Para Carlos Afonso, especialista em finanças e sócio do Grupo MCR Contabilidade e Auditoria, a discussão ultrapassa a questão trabalhista e exige uma análise estratégica por parte dos gestores.

“A eventual redução da jornada representa uma mudança importante na dinâmica operacional das empresas. Os empresários precisarão avaliar a capacidade produtiva das equipes, revisar escalas de trabalho, projetar impactos financeiros e identificar a necessidade de adequações na estrutura operacional”, afirma.
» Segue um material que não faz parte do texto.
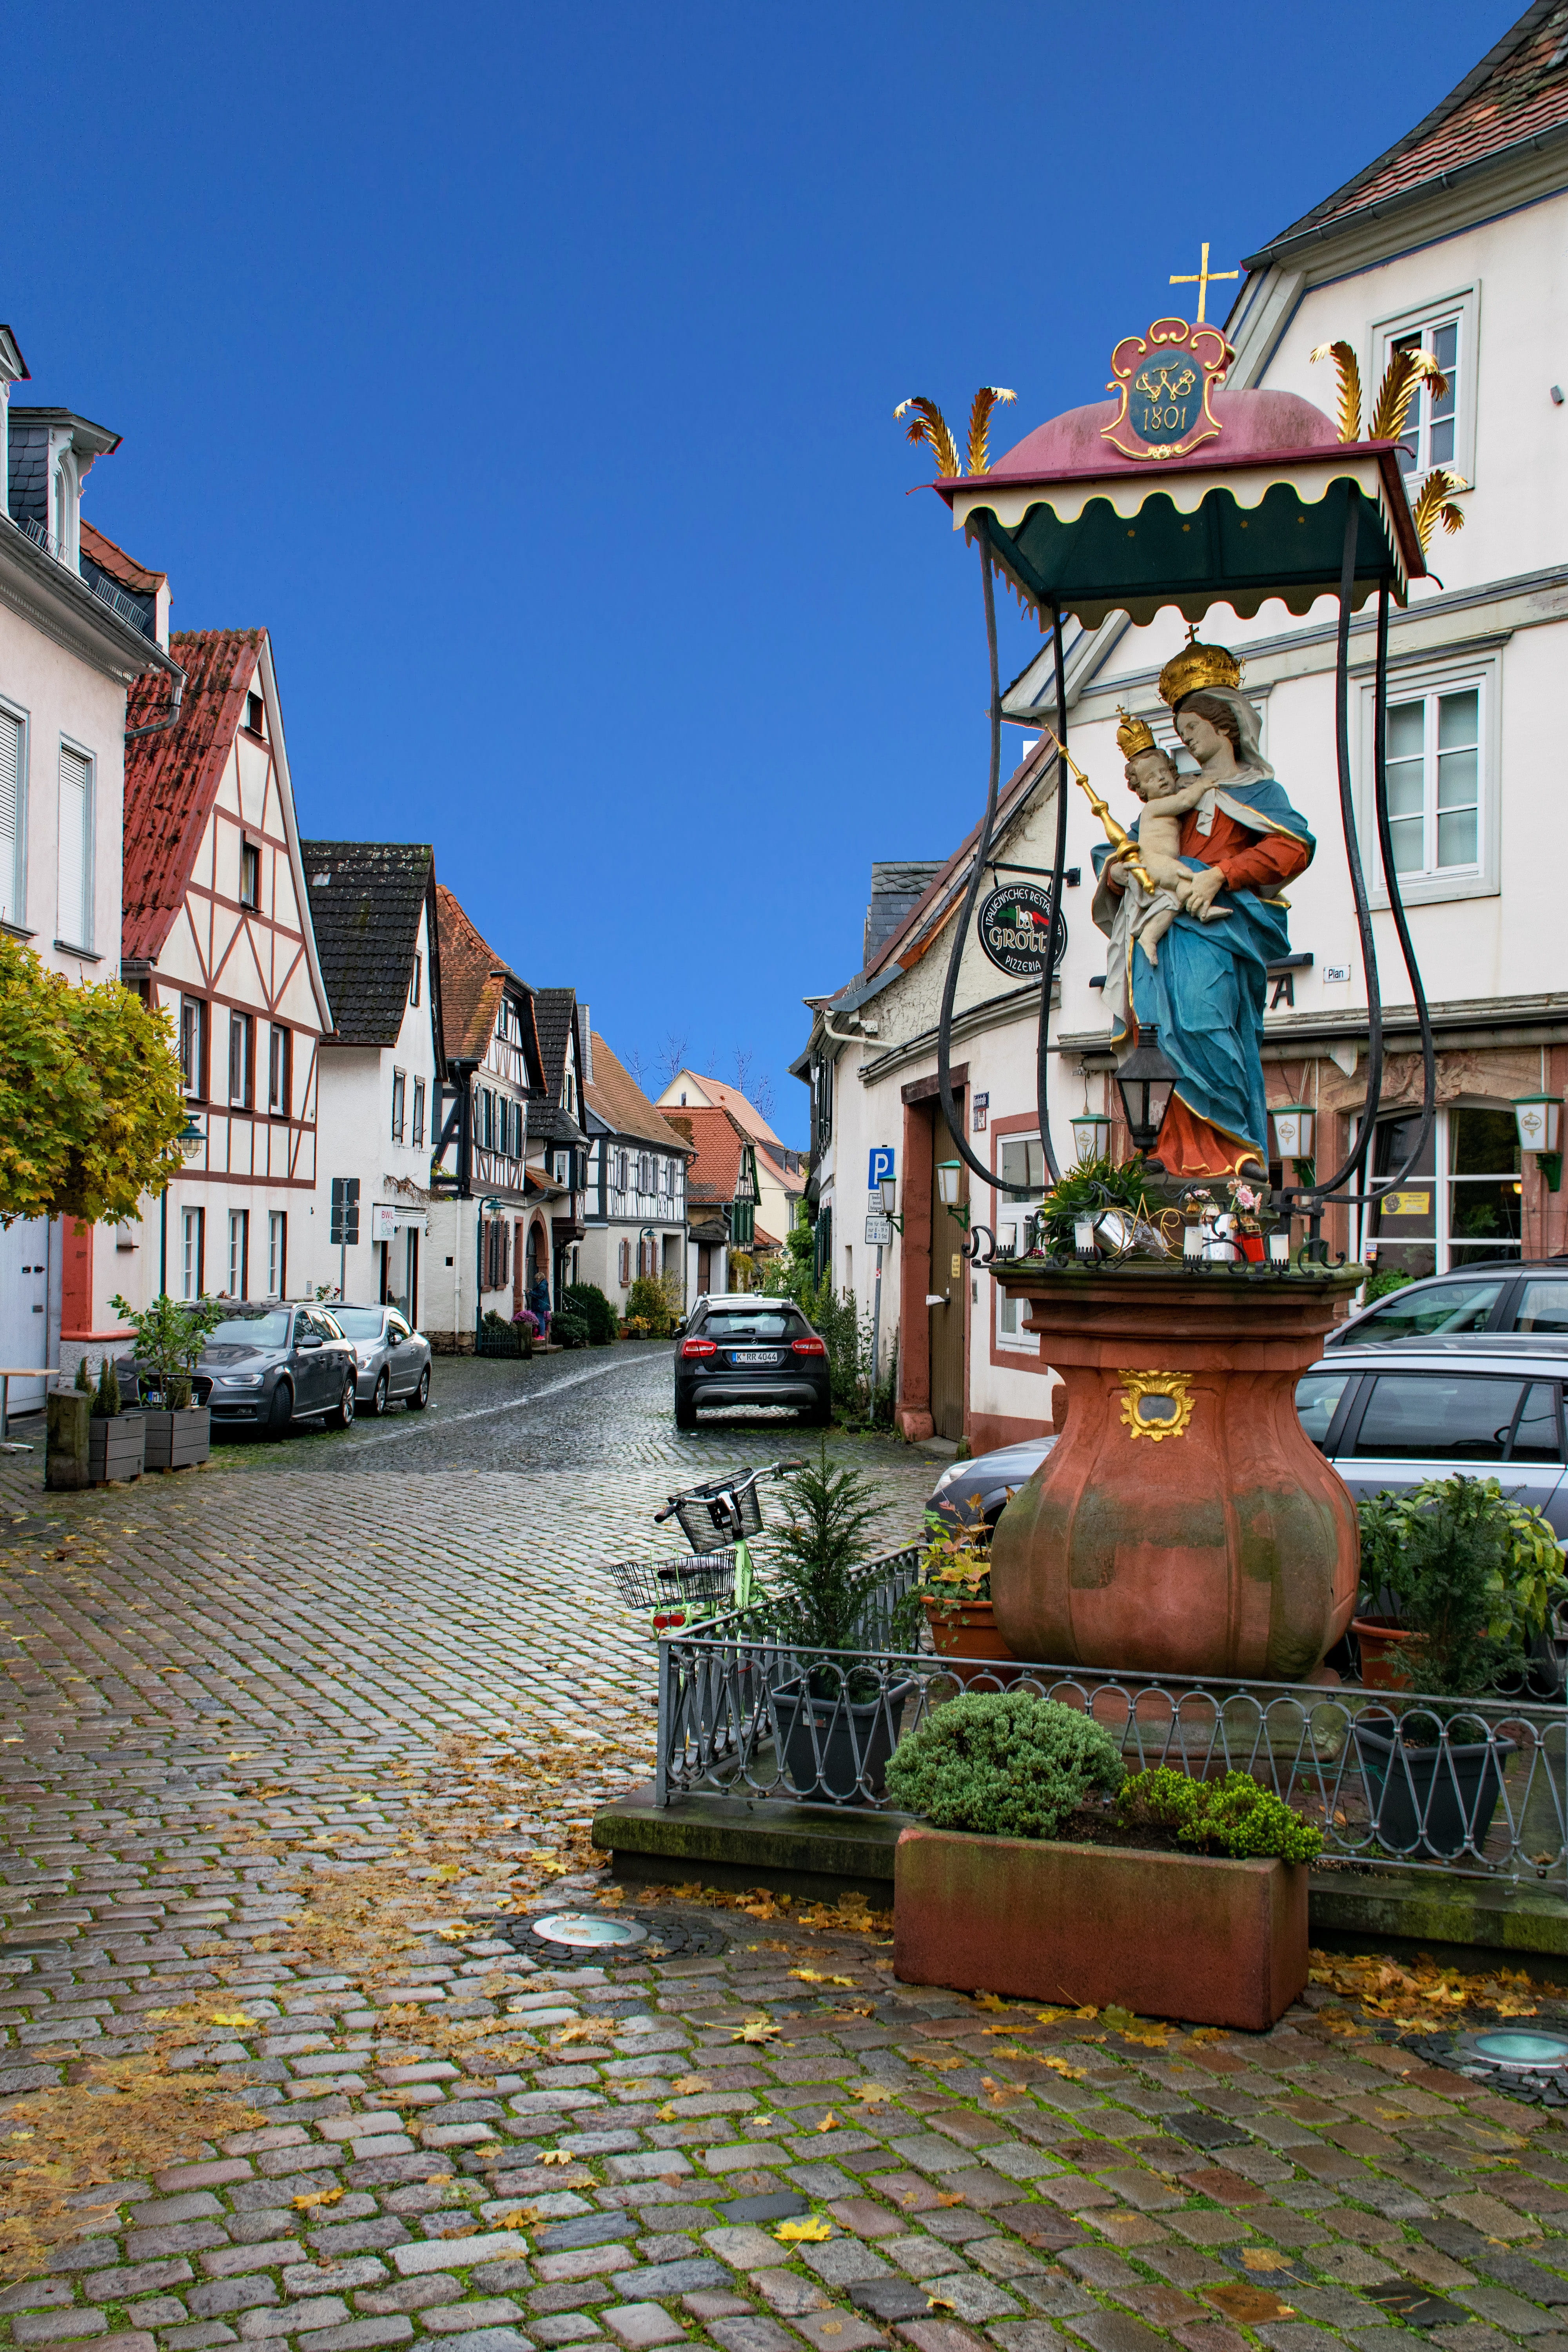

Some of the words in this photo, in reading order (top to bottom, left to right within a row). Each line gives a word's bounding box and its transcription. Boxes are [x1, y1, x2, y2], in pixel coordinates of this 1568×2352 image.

A proposta aprovada pela Câmara prevê a redução gradual da jornada semanal sem diminuição salarial. Na avaliação do especialista, a medida tende a gerar reflexos principalmente sobre os custos relacionados à mão de obra.

“Empresas que operam com equipes reduzidas poderão enfrentar maior dificuldade para acomodar as mudanças sem ajustes internos. Dependendo da atividade, será necessário reorganizar turnos, redistribuir funções ou até ampliar o quadro de colaboradores para manter a capacidade de atendimento e a produtividade”, explica.

Além dos impactos financeiros, a transição exigirá atenção aos procedimentos de controle de jornada e ao cumprimento das obrigações trabalhistas.

“A adequação das escalas, o gerenciamento de banco de horas, o controle de ponto e o acompanhamento das horas extras passam a ter papel ainda mais relevante. A falta de planejamento pode aumentar a exposição a passivos trabalhistas e gerar custos adicionais para as empresas”, destaca Afonso.

Segundo o especialista, independentemente do desfecho da tramitação da proposta, o debate já reforça a importância do planejamento financeiro e da revisão dos modelos de gestão adotados pelas organizações.

“Mudanças dessa magnitude exigem preparação. Empresas que realizarem análises preventivas, simularem cenários e estruturarem planos de adaptação terão mais condições de tomar decisões seguras e preservar sua competitividade”, conclui.

A PEC ainda será debatida e votada pelo Senado Federal antes de uma eventual promulgação. O tema tem mobilizado representantes do setor produtivo, entidades empresariais e especialistas das áreas econômica e trabalhista, que acompanham os possíveis efeitos da medida sobre o mercado de trabalho e a atividade econômica.